My rating: 5 of 5 stars
“I looked, and behold, an ashen horse; and he who sat on it had the name Death; and Hades was following with him.” Apocalypse.
Charles Todd continues exploring the hideous ramifications of war in this tenth Ian Rutledge mystery. Four years after the end of WWI, Rutledge still suffers symptoms of PTSD, which are debilitating even though he manages his flashbacks quite well. The most prominent among his symptoms is the voice of Hamish, a soldier whom Rutledge unwillingly ordered executed for refusing to follow orders. Hamish functions as a sort of conscience and sounding board , giving readers insight into Rutledge’s thoughts and emotional struggles.
In spite of those struggles, Rutledge is a fine detective, doing a credible job with Scotland Yard, no thanks to his superior, Chief Superintendent Bowles. Now he’s sent to Berkshire to assist in a War Department search for a missing operative, Gaylord Partridge (really!) Partridge has been residing in a tiny village among eight misfits, who reside in a cluster of cottages originally built for lepers, at the foot of the famous iron age White Horse of Uffington.

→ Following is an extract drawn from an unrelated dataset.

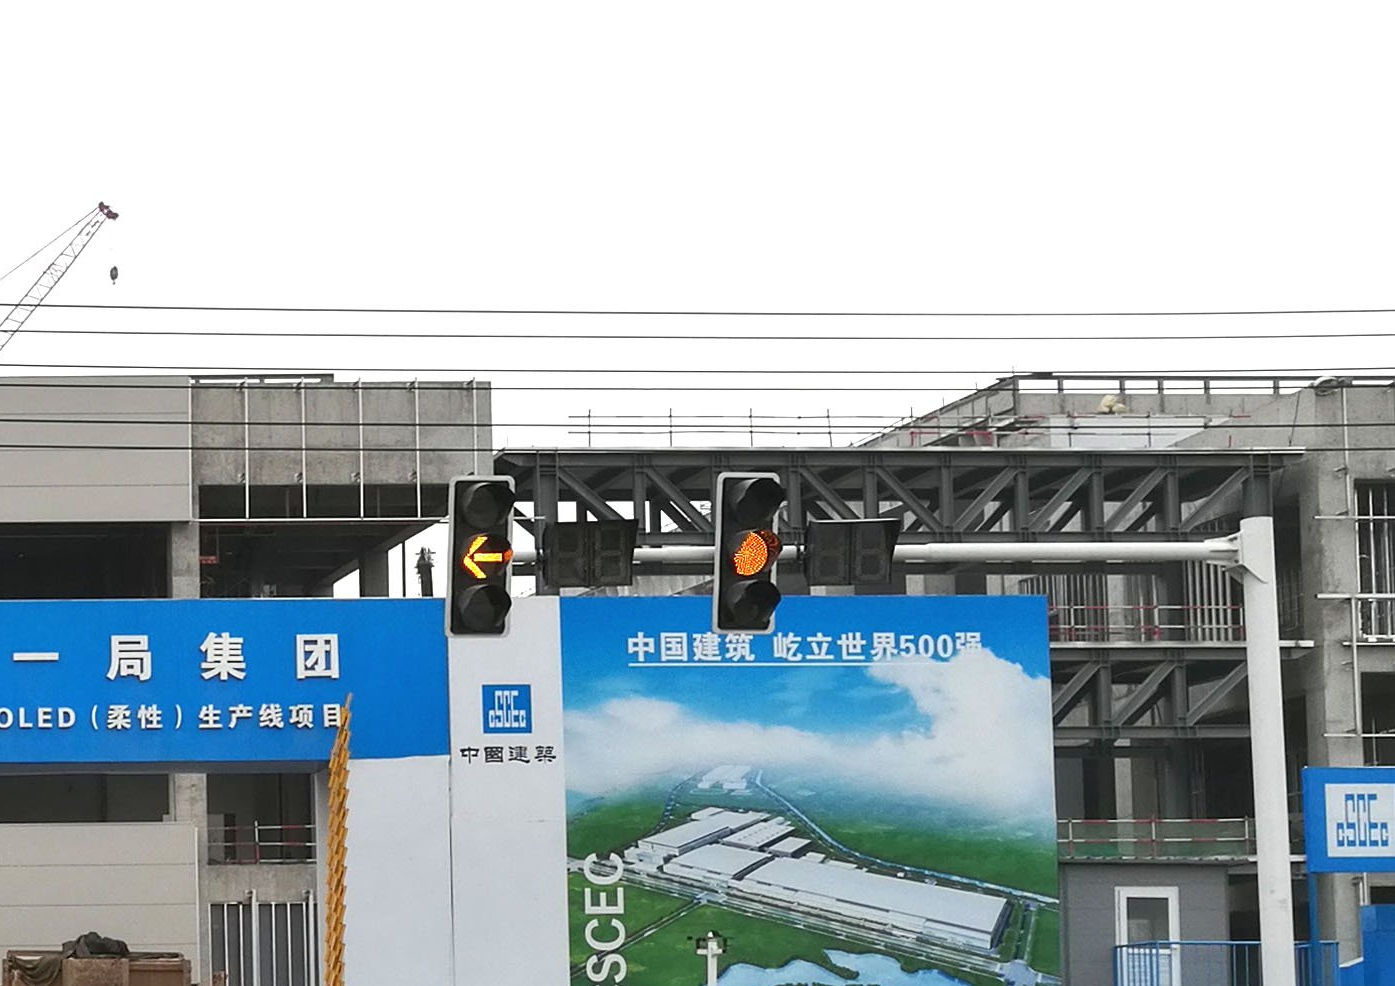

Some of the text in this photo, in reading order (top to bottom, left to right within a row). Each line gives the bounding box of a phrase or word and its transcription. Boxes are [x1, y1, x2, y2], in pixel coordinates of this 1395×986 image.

[628, 631, 983, 662] 中国建筑 屹立世界500强

Though he’s not been briefed, Rutledge strongly suspects that Partridge participated in some top secret mission during the war. Muddying the waters is the discovery, within the ruins of Yorkshire’s Fountains Abbey, of a corpse wrapped in a hooded cloak, face covered with a gas mask. Though not a part of Rutledge’s assignment, that will prove to be the crucial piece of the puzzle.
Populated with an array of interesting characters, some quite complex and all very real, and set in one of England’s most mysterious locales, A Pale Horse is a layer cake of secret upon secret, some interrelated and some discrete. If it weren’t so tightly plotted, following this investigation might have been a bit confusing. As more murders and several arsons occur, Rutledge has an ever increasing abundance of connections to sort through while trying not to tread on the toes of the local police.
The Inspector Rutledge series has a prominent place among the more literary mysteries in the genre, and A Pale Horse definitely fits well into that place; it’s an intelligent, socially relevant novel with resonance in today’s world, where war, business, political secrets, and yes, PTSD, play such a large role.